Howard retained Horvitz & Levy to represent him on appeal from the defense judgment. In our first appeal, the California Court of Appeal (Second Appellate District, Division Five), agreed with us that any such custom and practice would be part of the parties’ contract if the expert declaration were admissible. The Court of Appeal further agreed that the trial court, after rejecting the declaration for lack of foundation, erred in concluding it had no discretion to allow an opportunity to supplement the declaration. The court thus reversed the summary judgment order. On remand, the trial court accepted a supplemental declaration that detailed the basis for the expert’s understanding about the relevant custom and practice, but nonetheless again granted summary judgment for Kudrow, expressing the belief that the expert’s knowledge provided an insufficient basis to admit the declaration because the expert did not include details of his personal experience in handling the precise type of transactions involving the precise custom and practice that he described. 
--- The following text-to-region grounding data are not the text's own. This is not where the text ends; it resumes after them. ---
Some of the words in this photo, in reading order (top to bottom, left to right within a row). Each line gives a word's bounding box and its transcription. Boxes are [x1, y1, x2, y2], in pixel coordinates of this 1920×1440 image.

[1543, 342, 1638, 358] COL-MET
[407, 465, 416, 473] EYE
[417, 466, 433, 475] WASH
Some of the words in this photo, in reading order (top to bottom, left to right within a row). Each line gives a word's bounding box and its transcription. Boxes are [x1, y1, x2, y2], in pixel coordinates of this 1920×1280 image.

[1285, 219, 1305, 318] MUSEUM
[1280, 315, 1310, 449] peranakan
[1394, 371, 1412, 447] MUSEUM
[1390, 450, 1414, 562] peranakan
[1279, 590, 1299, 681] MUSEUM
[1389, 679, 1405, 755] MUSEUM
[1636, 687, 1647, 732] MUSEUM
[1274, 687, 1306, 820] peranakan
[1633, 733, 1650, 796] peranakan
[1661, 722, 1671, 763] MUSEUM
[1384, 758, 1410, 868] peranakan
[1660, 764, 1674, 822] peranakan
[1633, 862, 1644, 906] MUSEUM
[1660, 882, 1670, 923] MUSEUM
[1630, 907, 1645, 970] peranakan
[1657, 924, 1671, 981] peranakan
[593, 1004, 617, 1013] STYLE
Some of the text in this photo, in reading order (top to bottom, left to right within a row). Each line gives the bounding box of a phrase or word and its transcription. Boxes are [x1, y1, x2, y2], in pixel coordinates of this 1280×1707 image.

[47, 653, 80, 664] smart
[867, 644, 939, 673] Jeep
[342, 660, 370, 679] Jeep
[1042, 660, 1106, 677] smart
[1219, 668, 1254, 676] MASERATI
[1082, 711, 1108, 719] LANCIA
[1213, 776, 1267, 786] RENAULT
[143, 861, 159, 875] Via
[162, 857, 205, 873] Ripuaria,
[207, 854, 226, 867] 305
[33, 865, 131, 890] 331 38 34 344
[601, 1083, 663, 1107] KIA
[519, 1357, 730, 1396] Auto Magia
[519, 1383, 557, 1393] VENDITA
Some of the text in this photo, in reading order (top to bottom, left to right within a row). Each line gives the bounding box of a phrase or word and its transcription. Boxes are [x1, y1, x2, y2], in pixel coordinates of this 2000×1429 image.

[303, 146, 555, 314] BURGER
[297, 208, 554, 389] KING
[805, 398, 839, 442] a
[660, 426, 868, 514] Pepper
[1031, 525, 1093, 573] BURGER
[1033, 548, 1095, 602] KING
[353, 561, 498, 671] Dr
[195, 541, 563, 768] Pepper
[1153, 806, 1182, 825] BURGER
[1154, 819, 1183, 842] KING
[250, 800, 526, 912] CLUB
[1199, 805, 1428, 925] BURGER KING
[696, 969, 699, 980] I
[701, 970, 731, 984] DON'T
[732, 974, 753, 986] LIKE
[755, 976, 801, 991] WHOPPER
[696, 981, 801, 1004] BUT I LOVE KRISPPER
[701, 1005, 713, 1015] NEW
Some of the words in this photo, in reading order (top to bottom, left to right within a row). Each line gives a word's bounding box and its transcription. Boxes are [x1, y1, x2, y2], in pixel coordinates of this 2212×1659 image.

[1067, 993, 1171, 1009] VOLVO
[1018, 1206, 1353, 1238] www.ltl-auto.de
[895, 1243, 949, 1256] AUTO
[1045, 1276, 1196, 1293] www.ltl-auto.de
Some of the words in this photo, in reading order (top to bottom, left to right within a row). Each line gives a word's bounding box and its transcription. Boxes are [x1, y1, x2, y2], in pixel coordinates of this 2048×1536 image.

In our second appeal, the Court of Appeal again reversed, explaining in a published opinion that the expert demonstrated his qualifications and foundation for his opinion by outlining not only his personal experience, but also his observations of and discussions with others working in the entertainment industry, and his familiarity with customs and practices in circumstances closely analogous to those at issue in the present case. The trial court’s concern that the expert did not “name names” when describing the basis for his opinions was misplaced: “An expert may rely upon experiences and conversations he or she has had and information he or she has obtained without the necessity of providing the specifics of such experiences and conversations” and “there is no requirement that an expert set forth specific persons, conversations, or dates of such conversation for the formation of the opinion, as apparently required by the trial court.”